Meine Leseempfehlung!

Eva Meijer:
Das Vogelhaus
(aus dem Holländischen übersetzt von Hanni Ehlers)
btb- Verlag, 320 Seiten, August 2018

 

7 Kommentare

  • Antworten eva 6. September 2018 at 6:48

    Hallo Andrea,

    das schön gestaltete Buchcover ist mir sofort aufgefallen und du beschreibst dises Buch auch sehr liebevoll.

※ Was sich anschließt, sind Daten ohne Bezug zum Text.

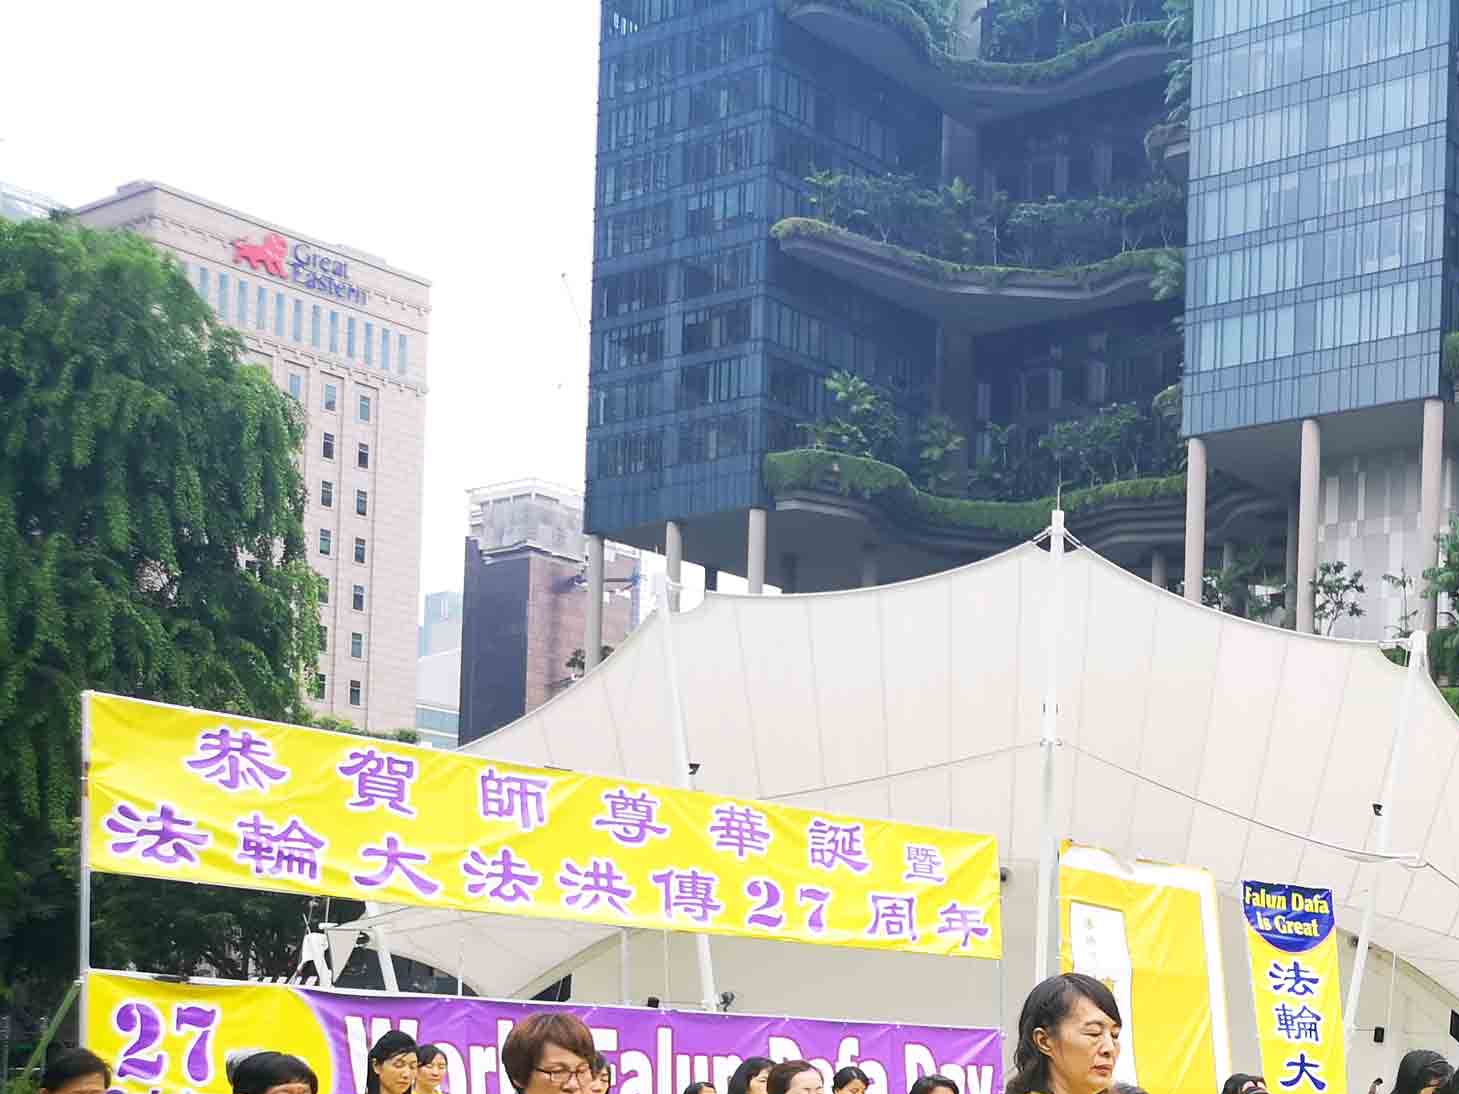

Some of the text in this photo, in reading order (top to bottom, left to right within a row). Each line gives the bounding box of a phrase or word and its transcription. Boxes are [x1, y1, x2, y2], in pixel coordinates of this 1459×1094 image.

[295, 242, 350, 280] Great
[292, 262, 368, 305] Eastern
[1245, 885, 1330, 914] Falun Dafa
[1274, 915, 1319, 937] Great
[115, 1002, 217, 1083] 27

    Ich finde es sehr gut, dass auch vergessene Schriftsteller immer wieder „ans Licht“ geholt werden, die es verdient haben.
    Davon gibt es doch einige.

    Das hört sich sehr gut an.

    Lieben Gruß Eva

  • Antworten mano 6. September 2018 at 7:57

    das hört sich ganz wunderbar an!!
    liebe grüße von mano

  • Antworten Astridka 6. September 2018 at 8:20

    Oh, wieder eine Frau, die einen eigenständigen Weg einschlägt und sich einer Sache widmet, die zur Welterkenntnis beiträgt! Das ist genau nach meinem Geschmack. Und dass sie sich mit Vögeln beschäftigt – das ist ja bei uns in der Familie ein generationenübergreifendes Thema, da kann ich das Interesse gut nachvollziehen.
    Tolle Fotos könntest du beitragen.
    LG
    Astrid

  • Antworten Nicole/Frau Frieda 6. September 2018 at 10:38

    Uih.. das liest sich, als wäre es ein Buch für mich, liebe Andrea! Hab‘ vielen Dank für die schöne Vorstellung. Ich mag zarte, leise und bezaubernde Vogel-Geschichten sehr. Dir einen lieben Gruß, Nicole

  • Antworten Magdalena 6. September 2018 at 17:03

    Liebe Andrea, das ist ein Buch für meine Liste. Ich danke Dir für die gute Beschreibung.
    LG
    Magdalena

  • Antworten ninakol. 6. September 2018 at 21:17

    Oh wie fein, dass hört sich ganz wunderbar an! Mein (Wunsch-) Stapel wächst
    Und die schönen Fotos dazu!
    Danke Dir und liebe Grüße
    Nina

  • Antworten Lydia 6. September 2018 at 21:43

    Liebe Andrea,
    danke für die tolle und so warmherzig geschriebene Vorstellung.Das liest sich sehr interessant und ich werde es als Weihnachtsgeschenk im Gedächtnis behalten.